How to complete this task:
Except for the pictures, reproduce the records word for word.

Stored dataset items
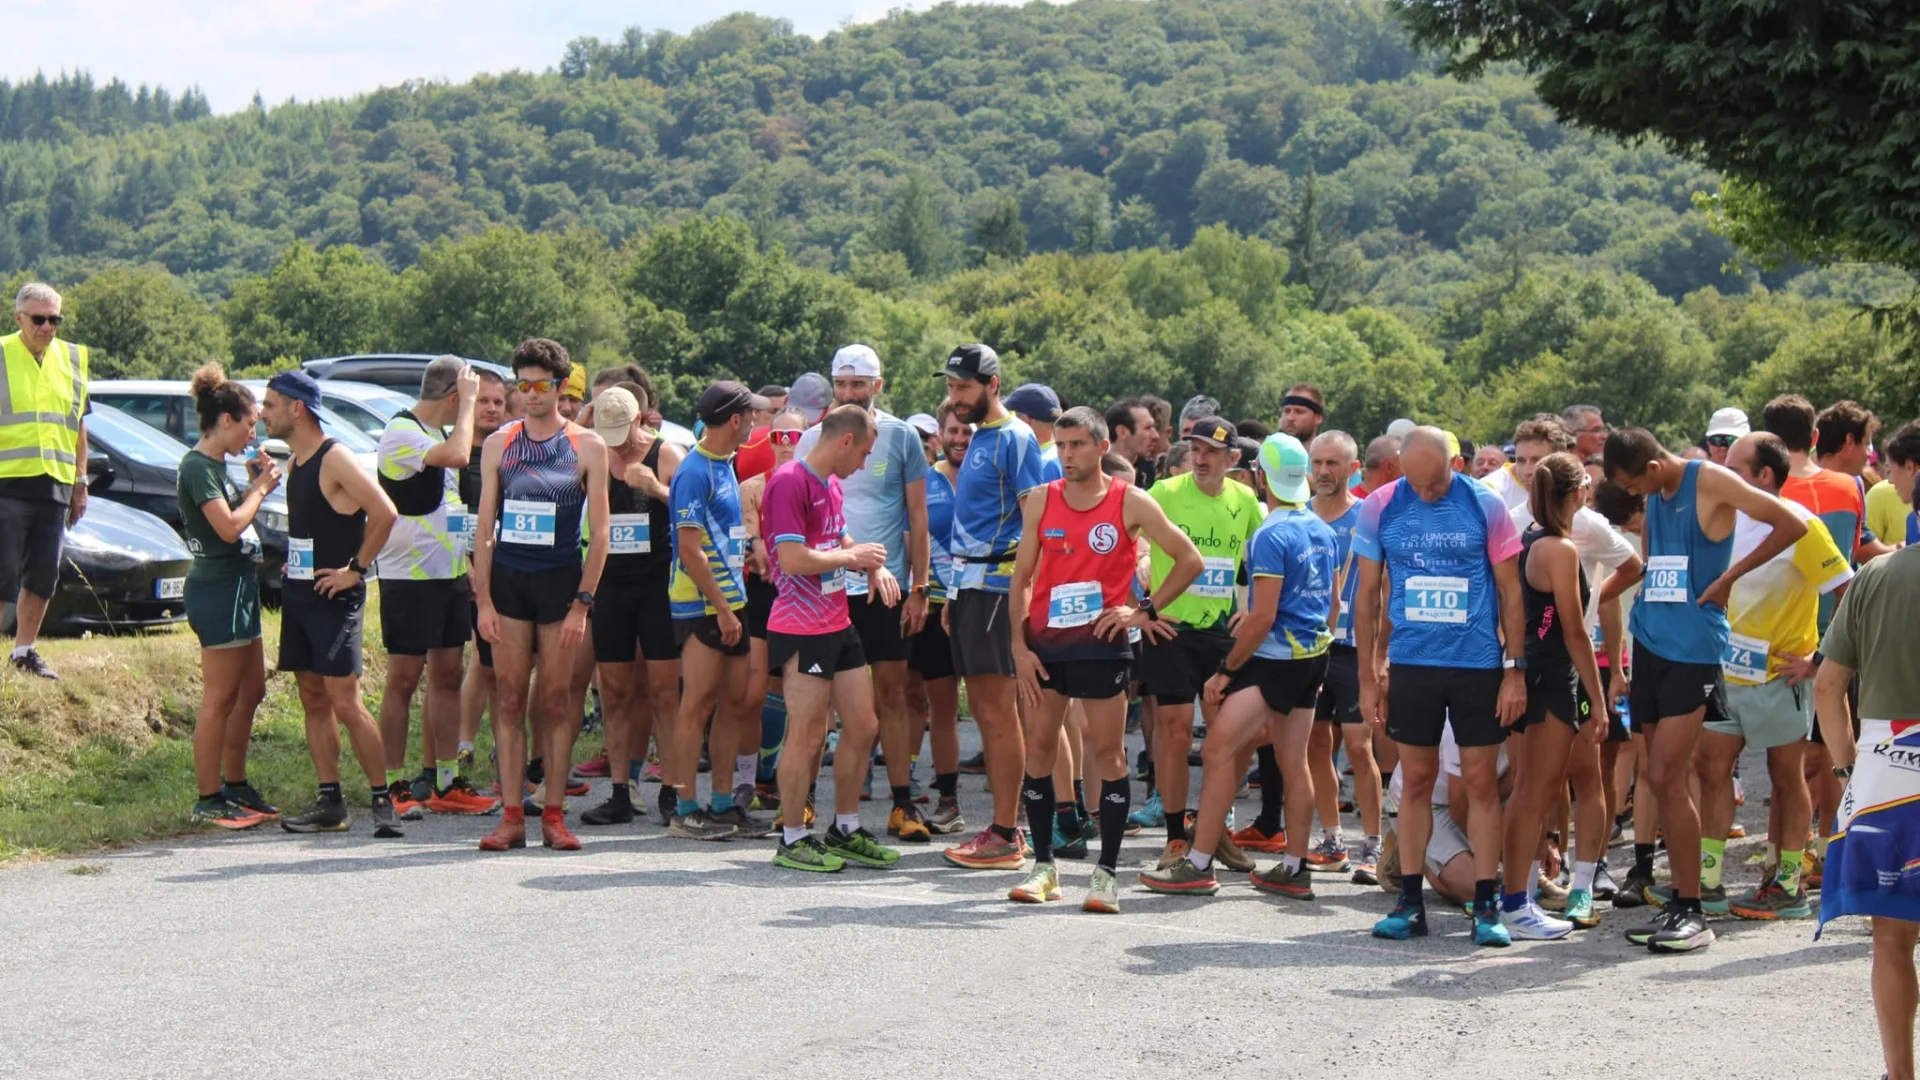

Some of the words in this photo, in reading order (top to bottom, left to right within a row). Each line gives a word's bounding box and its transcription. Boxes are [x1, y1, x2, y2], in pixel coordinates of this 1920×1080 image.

[514, 514, 537, 532] 81
[612, 526, 635, 542] 82
[1400, 540, 1468, 550] TRIATHLON
[1204, 570, 1226, 586] 14
[1650, 570, 1679, 588] 108
[1060, 596, 1088, 615] 55
[1417, 590, 1459, 609] 110
[1731, 646, 1752, 666] 74

Answer box:
Some of the words in this photo, in reading order (top to bottom, left to right within a row). Each line gives a word's bounding box and its transcription. Boxes are [x1, y1, x2, y2], in pixel coordinates of this 1920×1080 image.

[514, 514, 537, 532] 81
[612, 526, 635, 542] 82
[1400, 540, 1468, 550] TRIATHLON
[1204, 570, 1226, 586] 14
[1650, 570, 1679, 588] 108
[1060, 596, 1088, 615] 55
[1417, 590, 1459, 609] 110
[1731, 646, 1752, 666] 74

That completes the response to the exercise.